Computational learning theory

In computer science, computational learning theory (or just learning theory) is a subfield of artificial intelligence devoted to studying the design and analysis of machine learning algorithms. == Overview == Theoretical results in machine learning often focus on a type of inductive learning known as supervised learning. In supervised learning, an algorithm is provided with labeled samples. For instance, the samples might be descriptions of mushrooms, with labels indicating whether they are edible or not. The algorithm uses these labeled samples to create a classifier. This classifier assigns labels to new samples, including those it has not previously encountered. The goal of the supervised learning algorithm is to optimize performance metrics, such as minimizing errors on new samples.
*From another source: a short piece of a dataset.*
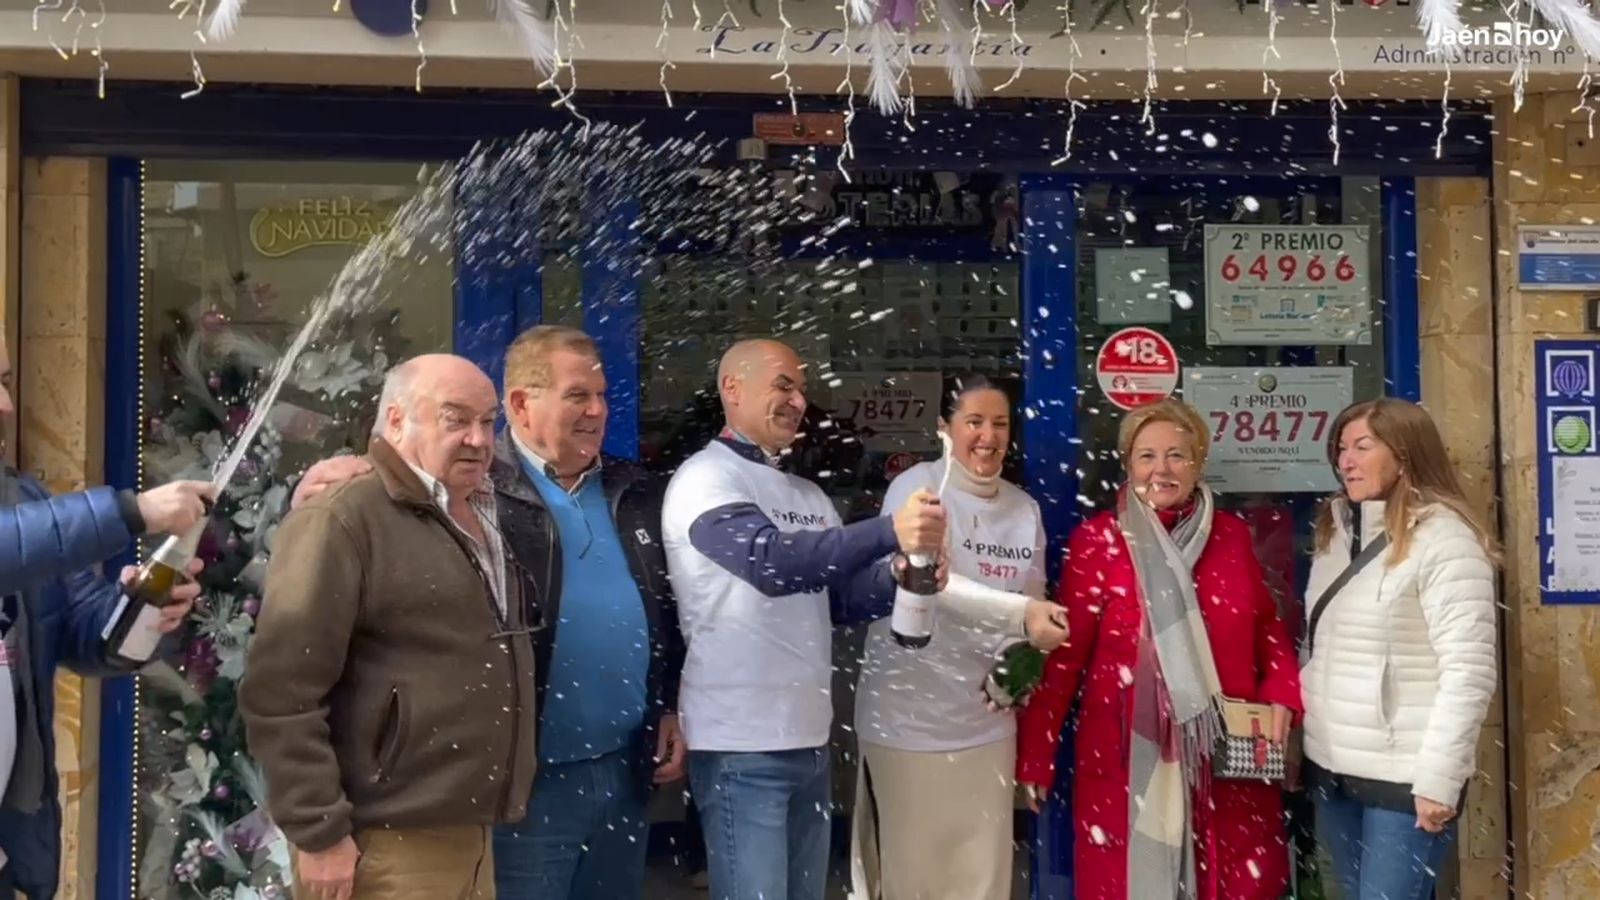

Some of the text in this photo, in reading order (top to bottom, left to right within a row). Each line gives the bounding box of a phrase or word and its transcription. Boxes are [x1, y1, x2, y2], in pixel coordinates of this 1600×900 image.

In addition to performance bounds, computational learning theory studies the time complexity and feasibility of learning . In computational learning theory, a computation is considered feasible if it can be done in polynomial time . There are two kinds of time complexity results: Positive results – Showing that a certain class of functions is learnable in polynomial time. Negative results – Showing that certain classes cannot be learned in polynomial time. Negative results often rely on commonly believed, but yet unproven assumptions, such as: Computational complexity – P ≠ NP (the P versus NP problem); Cryptographic – One-way functions exist. There are several different approaches to computational learning theory based on making different assumptions about the inference principles used to generalise from limited data. This includes different definitions of probability (see frequency probability, Bayesian probability) and different assumptions on the generation of samples. The different approaches include: Exact learning, proposed by Dana Angluin; Probably approximately correct learning (PAC learning), proposed by Leslie Valiant; VC theory, proposed by Vladimir Vapnik and Alexey Chervonenkis; Inductive inference as developed by Ray Solomonoff; Algorithmic learning theory, from the work of E. Mark Gold; Online machine learning, from the work of Nick Littlestone. While its primary goal is to understand learning abstractly, computational learning theory has led to the development of practical algorithms. For example, PAC theory inspired boosting, VC theory led to support vector machines, and Bayesian inference led to belief networks.